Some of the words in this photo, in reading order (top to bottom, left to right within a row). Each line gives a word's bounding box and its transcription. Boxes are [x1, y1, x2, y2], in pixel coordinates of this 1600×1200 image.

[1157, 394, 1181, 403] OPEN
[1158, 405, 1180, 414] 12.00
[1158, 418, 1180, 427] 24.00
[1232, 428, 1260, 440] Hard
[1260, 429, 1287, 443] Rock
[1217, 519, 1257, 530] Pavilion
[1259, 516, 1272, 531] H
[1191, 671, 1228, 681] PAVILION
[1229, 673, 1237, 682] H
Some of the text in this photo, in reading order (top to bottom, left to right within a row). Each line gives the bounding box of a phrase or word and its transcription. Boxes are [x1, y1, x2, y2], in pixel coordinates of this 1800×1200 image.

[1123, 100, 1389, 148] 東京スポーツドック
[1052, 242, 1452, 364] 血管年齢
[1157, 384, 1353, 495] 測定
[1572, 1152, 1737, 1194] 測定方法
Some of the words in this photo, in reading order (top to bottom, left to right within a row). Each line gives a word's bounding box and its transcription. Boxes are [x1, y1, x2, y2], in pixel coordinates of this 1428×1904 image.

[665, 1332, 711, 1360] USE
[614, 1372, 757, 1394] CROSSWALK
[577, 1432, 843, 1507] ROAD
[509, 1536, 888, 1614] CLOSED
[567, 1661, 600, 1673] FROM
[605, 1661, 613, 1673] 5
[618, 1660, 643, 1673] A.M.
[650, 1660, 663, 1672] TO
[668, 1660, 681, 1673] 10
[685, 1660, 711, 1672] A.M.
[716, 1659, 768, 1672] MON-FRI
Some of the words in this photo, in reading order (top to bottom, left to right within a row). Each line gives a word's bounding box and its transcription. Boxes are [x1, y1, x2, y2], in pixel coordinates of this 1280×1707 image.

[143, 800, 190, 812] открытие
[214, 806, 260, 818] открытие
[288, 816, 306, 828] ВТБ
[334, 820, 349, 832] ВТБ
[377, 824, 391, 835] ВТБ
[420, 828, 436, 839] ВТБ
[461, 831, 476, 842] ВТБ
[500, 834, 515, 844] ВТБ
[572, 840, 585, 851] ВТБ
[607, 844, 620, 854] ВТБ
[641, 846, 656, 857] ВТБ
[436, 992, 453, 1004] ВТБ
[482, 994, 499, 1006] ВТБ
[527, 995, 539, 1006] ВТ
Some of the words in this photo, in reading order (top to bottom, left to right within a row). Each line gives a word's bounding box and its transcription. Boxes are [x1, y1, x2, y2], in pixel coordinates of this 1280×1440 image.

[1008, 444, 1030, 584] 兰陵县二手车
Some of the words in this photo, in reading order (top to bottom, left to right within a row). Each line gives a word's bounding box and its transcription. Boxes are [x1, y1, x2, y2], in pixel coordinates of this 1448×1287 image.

··········

- YOUR TASK: Reproduce all the records shown above, unchanged.

- OUTPUT BELOW:
Some of the words in this photo, in reading order (top to bottom, left to right within a row). Each line gives a word's bounding box and its transcription. Boxes are [x1, y1, x2, y2], in pixel coordinates of this 1600×1200 image.

[1157, 394, 1181, 403] OPEN
[1158, 405, 1180, 414] 12.00
[1158, 418, 1180, 427] 24.00
[1232, 428, 1260, 440] Hard
[1260, 429, 1287, 443] Rock
[1217, 519, 1257, 530] Pavilion
[1259, 516, 1272, 531] H
[1191, 671, 1228, 681] PAVILION
[1229, 673, 1237, 682] H
Some of the text in this photo, in reading order (top to bottom, left to right within a row). Each line gives the bounding box of a phrase or word and its transcription. Boxes are [x1, y1, x2, y2], in pixel coordinates of this 1800×1200 image.

[1123, 100, 1389, 148] 東京スポーツドック
[1052, 242, 1452, 364] 血管年齢
[1157, 384, 1353, 495] 測定
[1572, 1152, 1737, 1194] 測定方法
Some of the words in this photo, in reading order (top to bottom, left to right within a row). Each line gives a word's bounding box and its transcription. Boxes are [x1, y1, x2, y2], in pixel coordinates of this 1428×1904 image.

[665, 1332, 711, 1360] USE
[614, 1372, 757, 1394] CROSSWALK
[577, 1432, 843, 1507] ROAD
[509, 1536, 888, 1614] CLOSED
[567, 1661, 600, 1673] FROM
[605, 1661, 613, 1673] 5
[618, 1660, 643, 1673] A.M.
[650, 1660, 663, 1672] TO
[668, 1660, 681, 1673] 10
[685, 1660, 711, 1672] A.M.
[716, 1659, 768, 1672] MON-FRI
Some of the words in this photo, in reading order (top to bottom, left to right within a row). Each line gives a word's bounding box and its transcription. Boxes are [x1, y1, x2, y2], in pixel coordinates of this 1280×1707 image.

[143, 800, 190, 812] открытие
[214, 806, 260, 818] открытие
[288, 816, 306, 828] ВТБ
[334, 820, 349, 832] ВТБ
[377, 824, 391, 835] ВТБ
[420, 828, 436, 839] ВТБ
[461, 831, 476, 842] ВТБ
[500, 834, 515, 844] ВТБ
[572, 840, 585, 851] ВТБ
[607, 844, 620, 854] ВТБ
[641, 846, 656, 857] ВТБ
[436, 992, 453, 1004] ВТБ
[482, 994, 499, 1006] ВТБ
[527, 995, 539, 1006] ВТ
Some of the words in this photo, in reading order (top to bottom, left to right within a row). Each line gives a word's bounding box and its transcription. Boxes are [x1, y1, x2, y2], in pixel coordinates of this 1280×1440 image.

[1008, 444, 1030, 584] 兰陵县二手车
Some of the words in this photo, in reading order (top to bottom, left to right within a row). Each line gives a word's bounding box and its transcription. Boxes are [x1, y1, x2, y2], in pixel coordinates of this 1448×1287 image.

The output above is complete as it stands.